> _MATERIAL FOR THE TASK_:
+---+

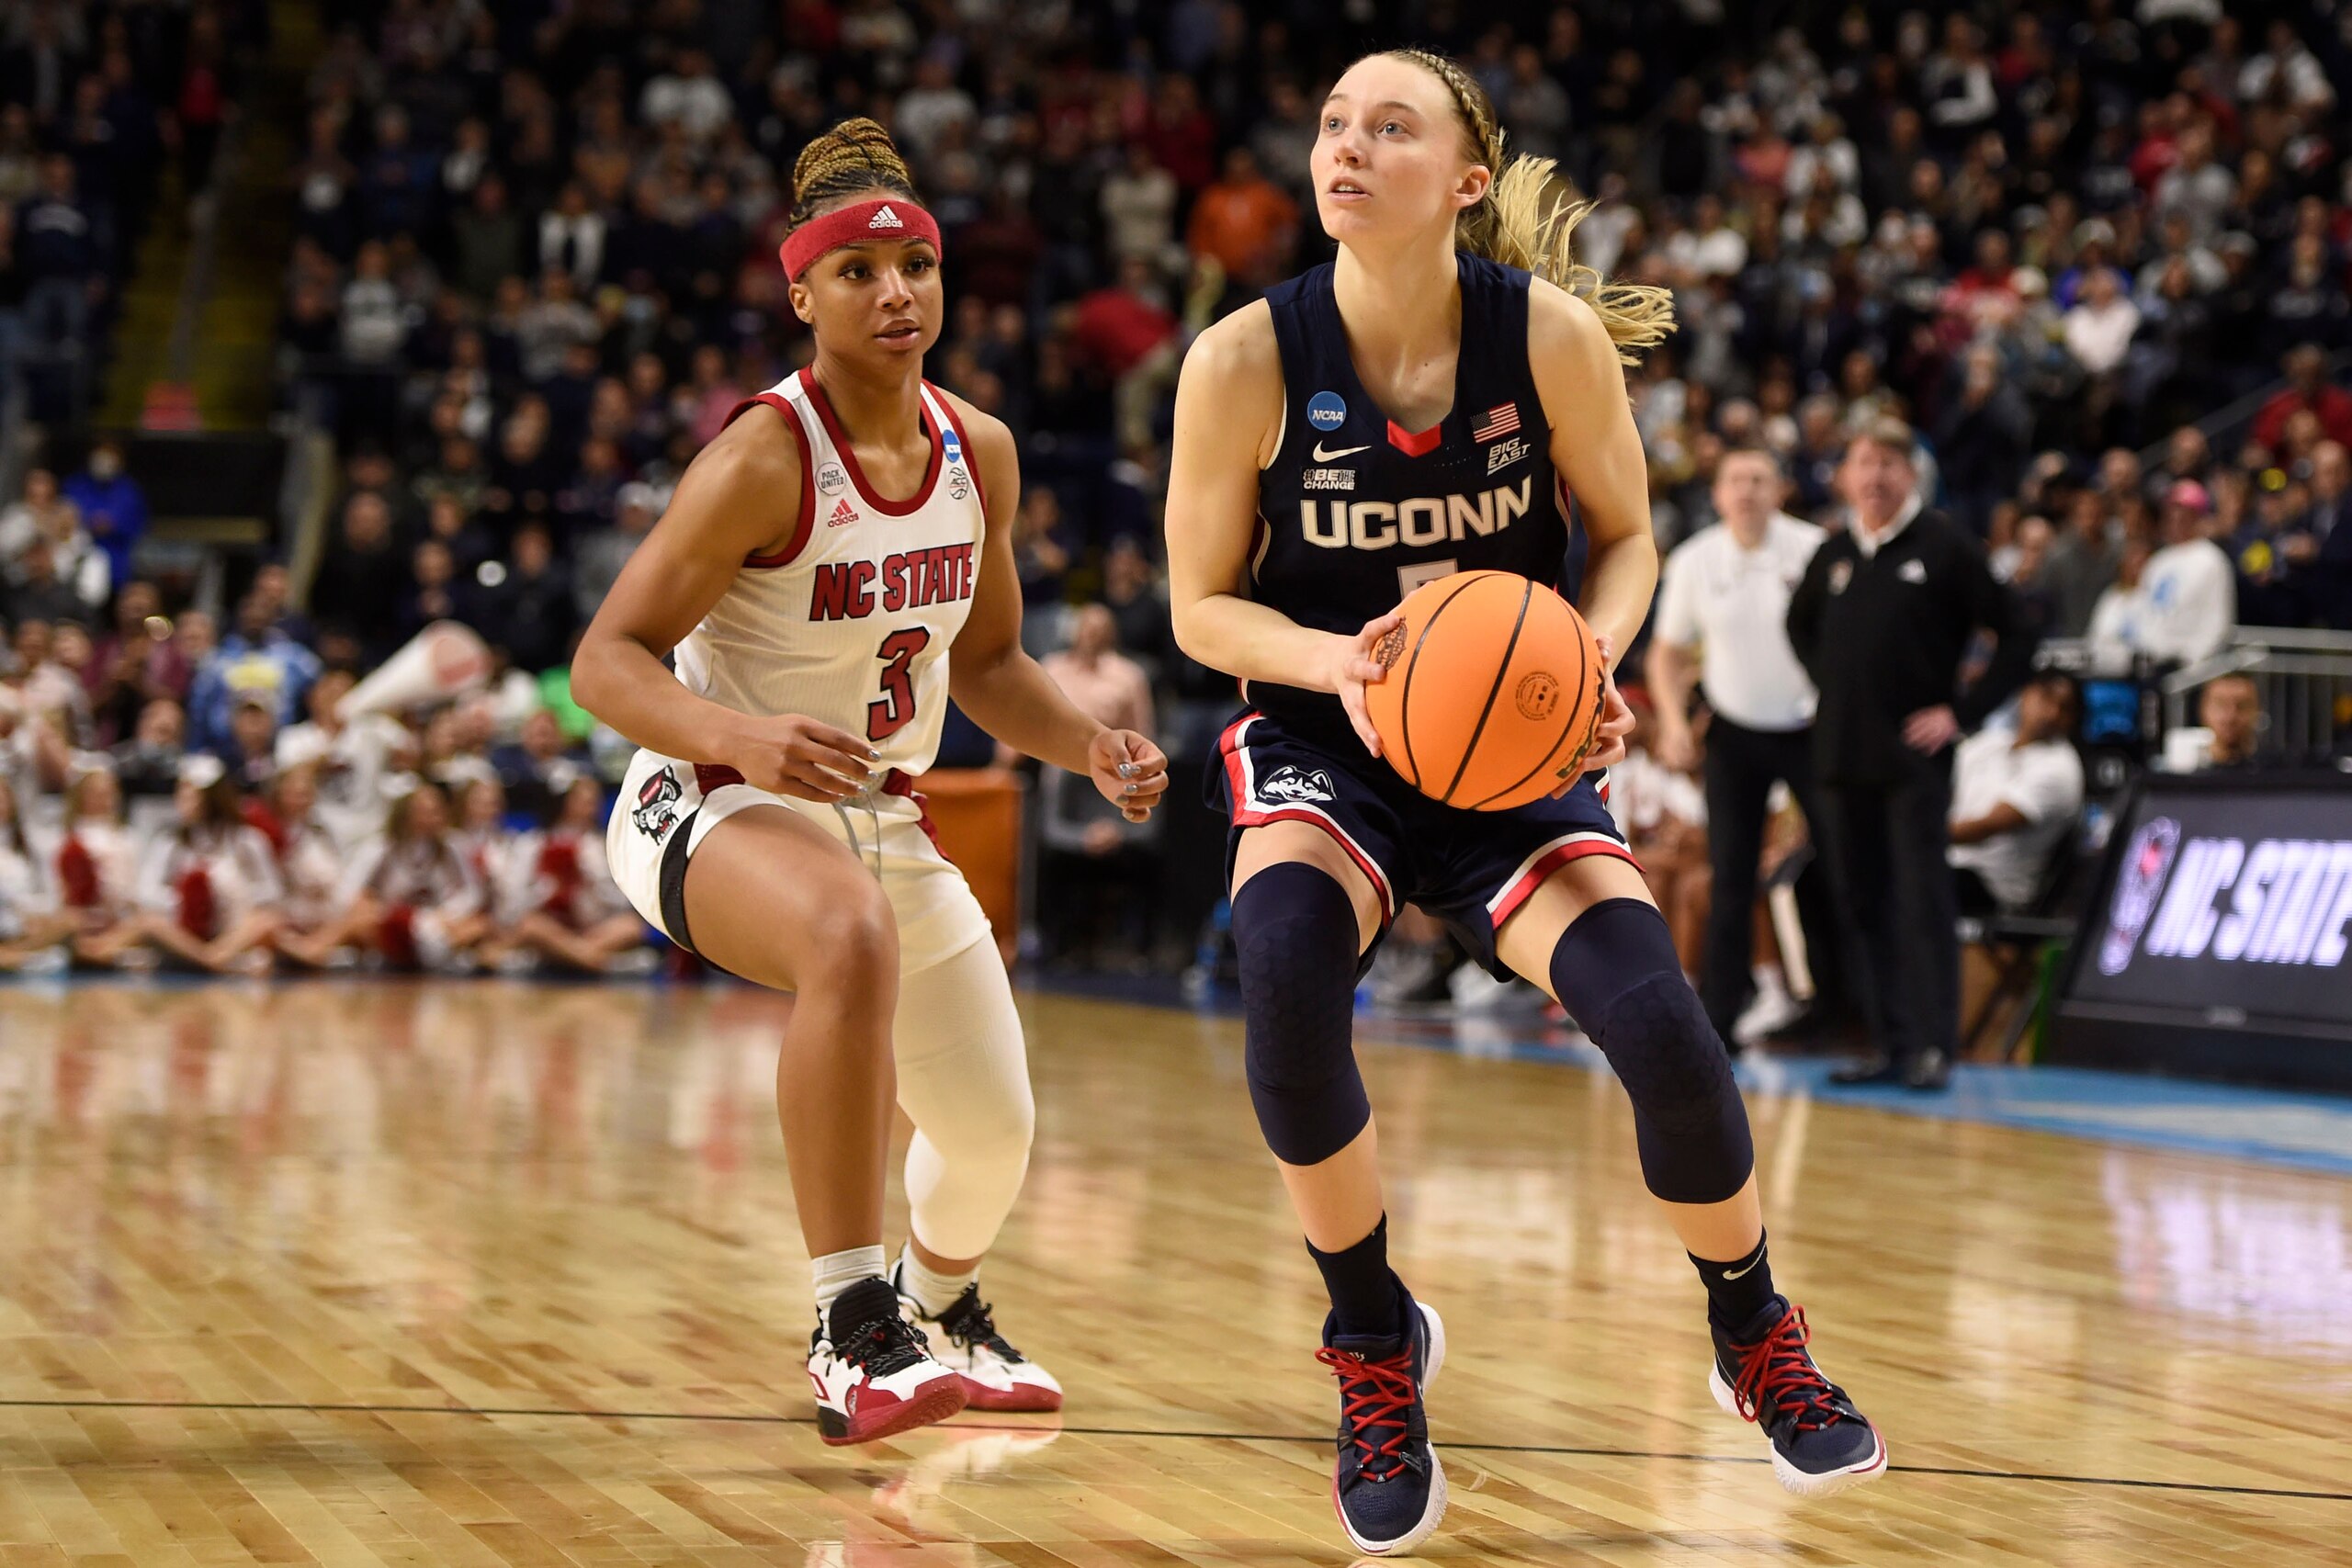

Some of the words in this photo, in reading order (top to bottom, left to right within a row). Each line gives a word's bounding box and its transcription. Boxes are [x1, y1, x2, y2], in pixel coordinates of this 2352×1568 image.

[868, 219, 903, 229] adidas
[1312, 410, 1344, 422] NCAA
[1488, 436, 1521, 458] BIG
[1487, 444, 1531, 469] EAST
[820, 476, 844, 489] UNITED
[821, 469, 841, 480] PACK
[1304, 480, 1355, 491] CHANGE
[828, 513, 859, 528] adidas
[1300, 474, 1532, 551] UCONN
[808, 559, 876, 621] NC
[882, 542, 975, 613] STATE
[866, 626, 931, 742] 3
[2144, 836, 2245, 958] NC

+---+

> _TASK DESCRIPTION_: In your copy, repeat each record exactly and include no pictures.

> _ANSWER SECTION_:
Some of the words in this photo, in reading order (top to bottom, left to right within a row). Each line gives a word's bounding box and its transcription. Boxes are [x1, y1, x2, y2], in pixel coordinates of this 2352×1568 image.

[868, 219, 903, 229] adidas
[1312, 410, 1344, 422] NCAA
[1488, 436, 1521, 458] BIG
[1487, 444, 1531, 469] EAST
[820, 476, 844, 489] UNITED
[821, 469, 841, 480] PACK
[1304, 480, 1355, 491] CHANGE
[828, 513, 859, 528] adidas
[1300, 474, 1532, 551] UCONN
[808, 559, 876, 621] NC
[882, 542, 975, 613] STATE
[866, 626, 931, 742] 3
[2144, 836, 2245, 958] NC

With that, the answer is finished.